Here’s a URL for you:  www.healthpowerhouse.com. This started as an effort to measure the quality of healthcare in different parts of Sweden and spread to include all of Europe.  The focus began with consumer interests, but the index now includes data on almost every aspect of every healthcare system in Europe.  Included are data on supply of physicians, cost per citizen, expenditures as % of GDP, life expectancy, etc.  The U.S. doesn’t contribute, but Canada does.  And for the record, Canada compares “reasonable well” with Europe on outcomes, average on generosity, and “at the absolute bottom” on waiting times, availability of pharmaceuticals, and a “bang-for-the-buck” index.  (Luxembourg is the champ in this latter category.)  Denmark is best overall and scores well in almost every category.  Their life expectancy is 76 (male)/81 (female)vs. comparable figures for the U.S. of 75/80.  DK spends 9.5% of GDP on healthcare vs. 15.3 for the U.S.  Since the U.S. doesn’t contribute, the figures for the U.S. are derived from other sources.

Cost per citizen range from $400 (Albania) to over $4,000 (Norway).  The comparable figure for the U.S. is just over $7,000.  Trivia question:  What country in the world has the highest per capita income?  (Hint, it isn’t the U.S.  Another hint:  it was named in the first sentence here.)

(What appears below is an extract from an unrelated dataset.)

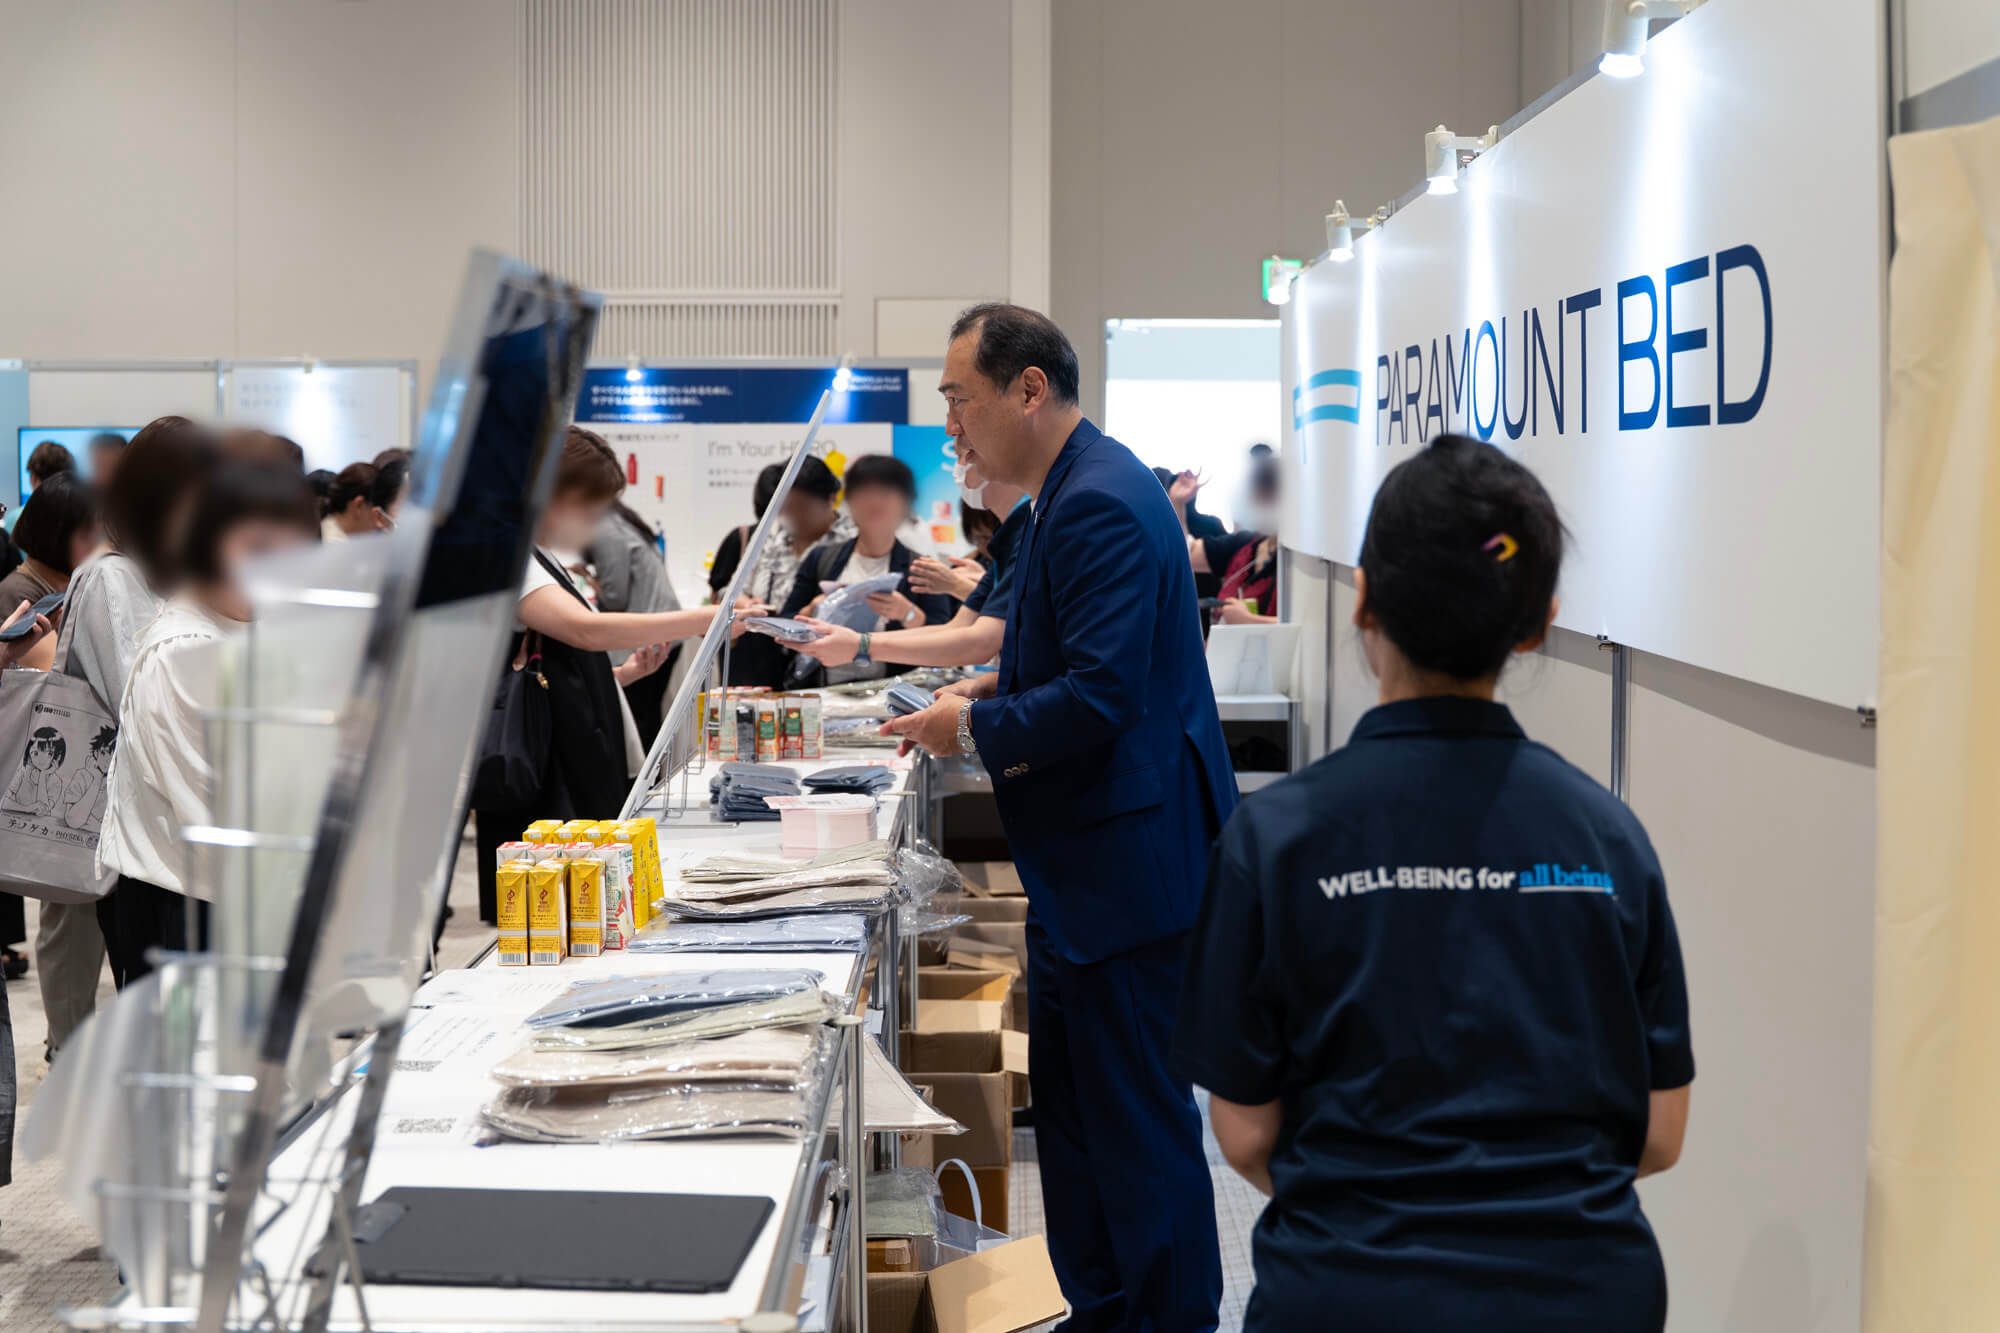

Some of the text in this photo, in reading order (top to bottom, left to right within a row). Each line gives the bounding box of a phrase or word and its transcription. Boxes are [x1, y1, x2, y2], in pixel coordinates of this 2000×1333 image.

[1376, 244, 1773, 447] PARAMOUNT BED
[736, 439, 776, 457] Your
[1476, 866, 1516, 889] for
[1519, 863, 1550, 887] all

Two other interesting sources of comparative data:  The World Health Organization (www.who.int) and the Organization for Economic Cooperation and Development (www.oecd.org).  Some U.S. data are listed on these sites, especially for later years.  For example, we have 2.43 physicians per 1,000 population (2007).  This compares to 1.96 for Mexico, and 3.17 for Denmark. One factor that is not obvious in these data is the amount of healthcare by non-physician providers.  Sorting countries by number of physicians per 1,000 doesn’t produce a list of where you’d want to go for healthcare.  More physicians doesn’t equal better healthcare.  There’s probably a minimum, but more isn’t better.  And judging from the company we keep on this factor, our healthcare would not improve if we had more doctors.  But it would probably get more expensive.  One of the themes of the Dartmouth Atlas is that healthcare is supplier driven.  More providers means more healthcare, and consequently more money spent on healthcare.   

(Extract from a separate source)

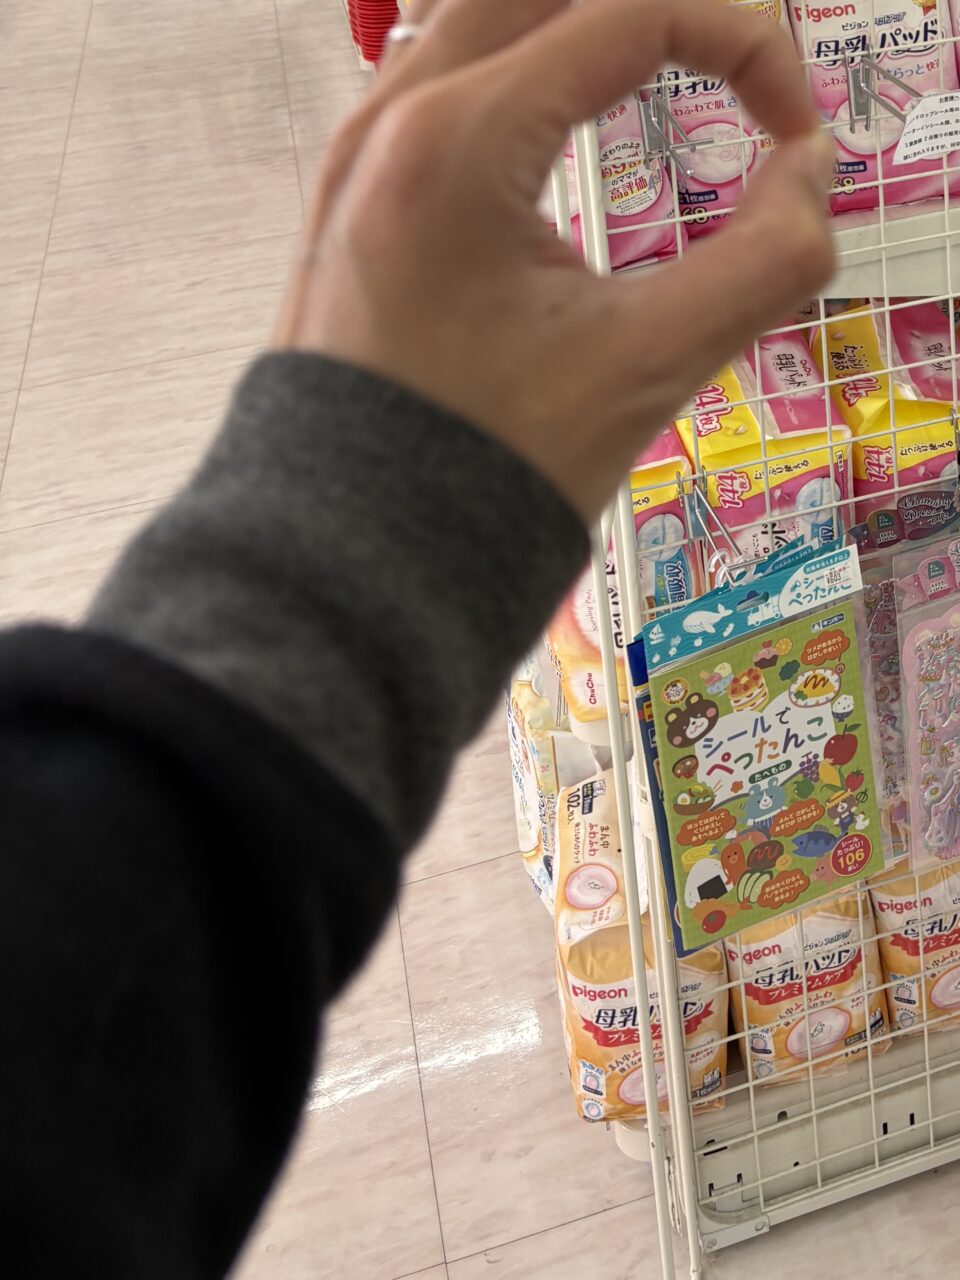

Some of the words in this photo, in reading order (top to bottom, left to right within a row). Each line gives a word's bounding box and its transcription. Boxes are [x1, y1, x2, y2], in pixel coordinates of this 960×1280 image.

[754, 763, 787, 781] たべもの
[841, 837, 859, 847] シール
[838, 850, 865, 869] 106

So where do we look for a model for healthcare reform?  Like so many things, it depends on where you want to go.  If you want to limit expenditure, Albania is your model.  Actually, any system where the government owns all the hospitals and all the providers are employees of the government is pretty good at limiting costs.  They also limit services, so a shift in that direction would be difficult politically in this country.  We do have examples of such systems here: the Veterans’ administration and the Indian Health Service.  Both have their virtues.  The VA, for example, is the poster child for patient safety in hospitals.  The IHS does well at providing comprehensive care in remote locations.  And neither involves any insurance companies.  We also have models where the means of production are entirely owned by a single entity--closed panel HMO’s, such as Kaiser and Mayo.  Mixed results, tho there are some virtues here.  Kaiser is an option in the Federal Employees Health Benefits plans, and not everyone chooses it.  That’s a message.  

None of the systems or countries mentioned employs any system to encourage efficiency in the provision of healthcare services.  The current situation in the U.S. is perhaps the most wasteful, tho there are some arguments to the contrary.  At least, most agree that we could do better.  But “better” at what?  Remember, we started talking about reform with two goals in mind:
healthcare for everyone
reduce the total amount spent, particularly for Medicare.

Congress hasn’t yet embraced either of these goals.